#### Work required
What you return should be the entries, unchanged, without their pictures.

#### Extracted entries

──────────

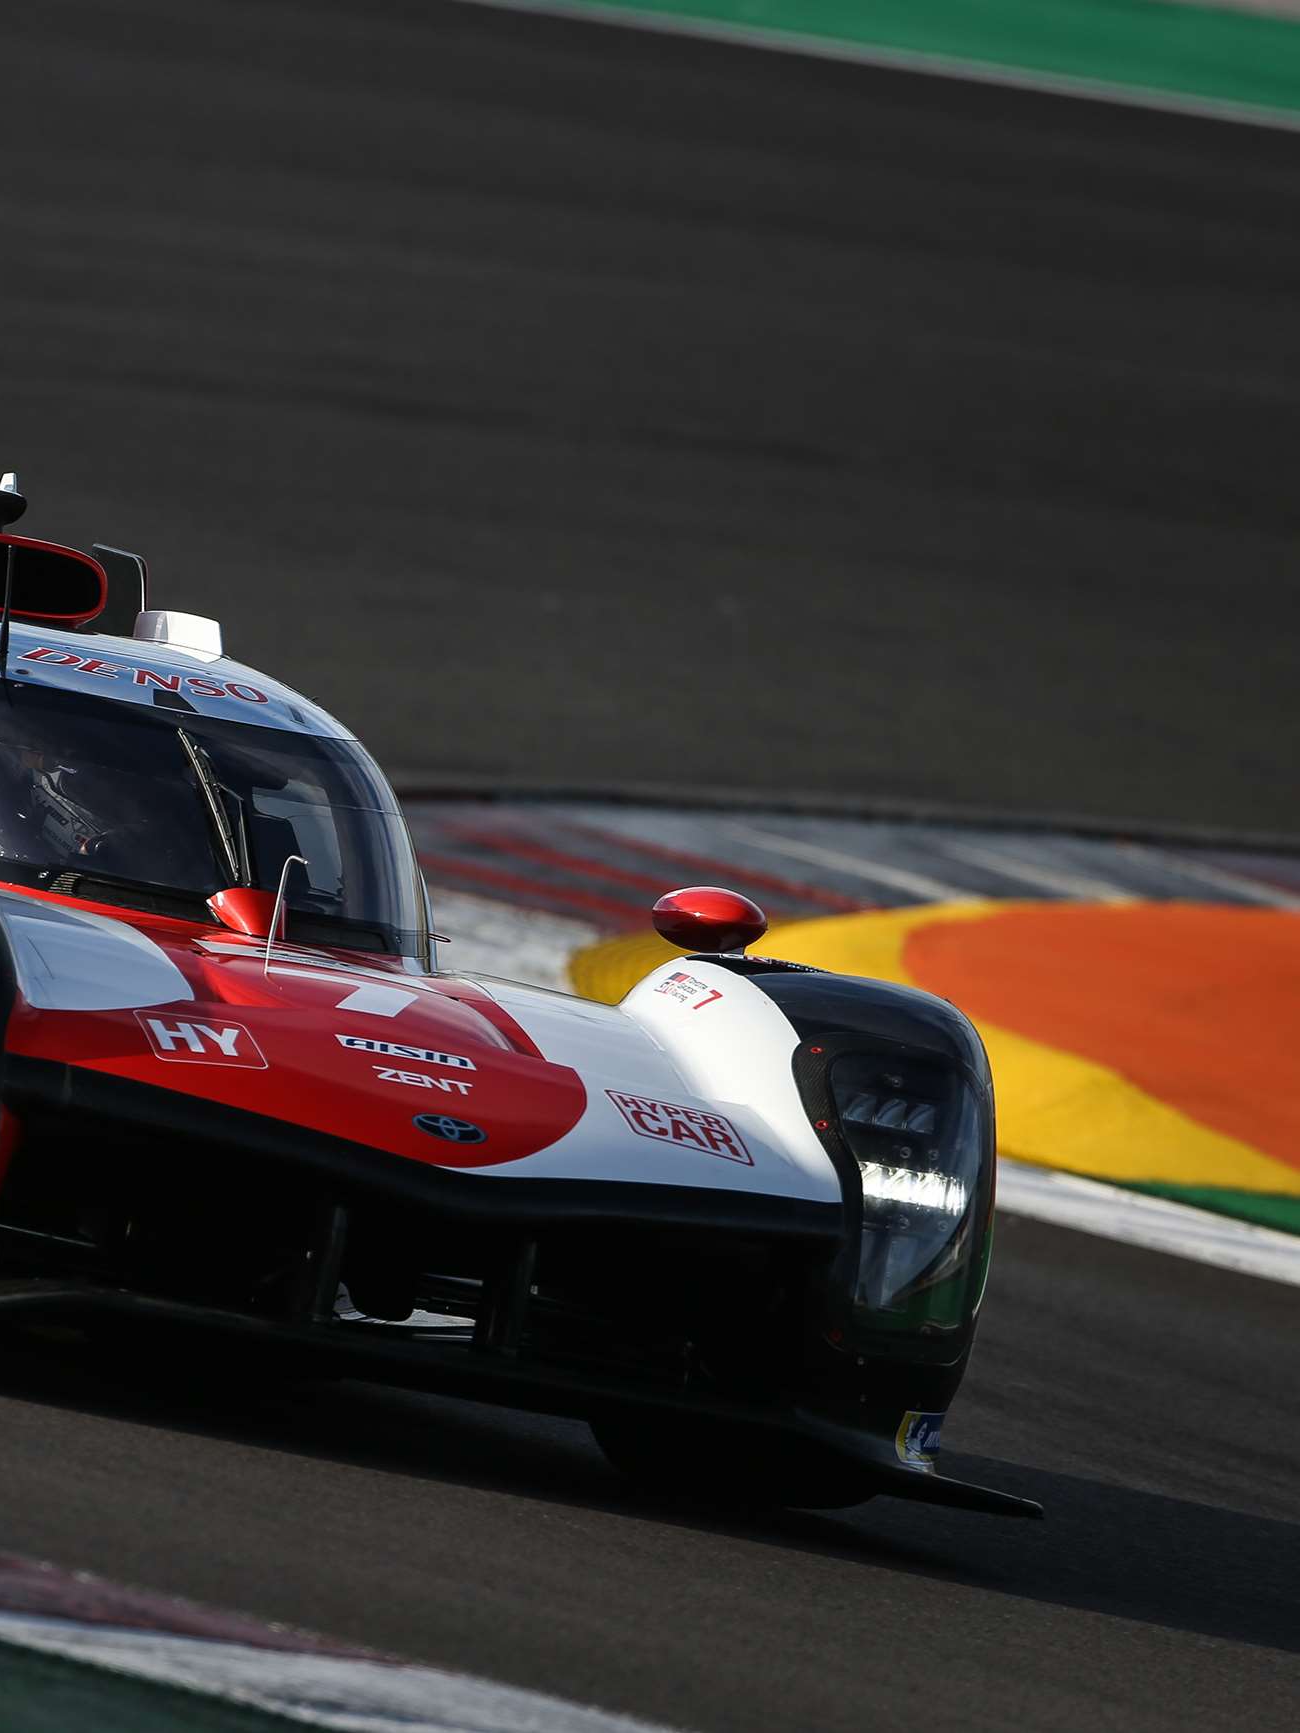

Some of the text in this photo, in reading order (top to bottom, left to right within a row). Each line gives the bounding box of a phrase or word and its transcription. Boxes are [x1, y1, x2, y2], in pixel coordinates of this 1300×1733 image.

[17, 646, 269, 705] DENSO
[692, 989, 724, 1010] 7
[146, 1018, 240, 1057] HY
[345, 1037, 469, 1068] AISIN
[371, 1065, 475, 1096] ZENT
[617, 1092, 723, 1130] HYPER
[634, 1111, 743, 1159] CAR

──────────

#### Answer section
Some of the text in this photo, in reading order (top to bottom, left to right within a row). Each line gives the bounding box of a phrase or word and its transcription. Boxes are [x1, y1, x2, y2], in pixel coordinates of this 1300×1733 image.

[17, 646, 269, 705] DENSO
[692, 989, 724, 1010] 7
[146, 1018, 240, 1057] HY
[345, 1037, 469, 1068] AISIN
[371, 1065, 475, 1096] ZENT
[617, 1092, 723, 1130] HYPER
[634, 1111, 743, 1159] CAR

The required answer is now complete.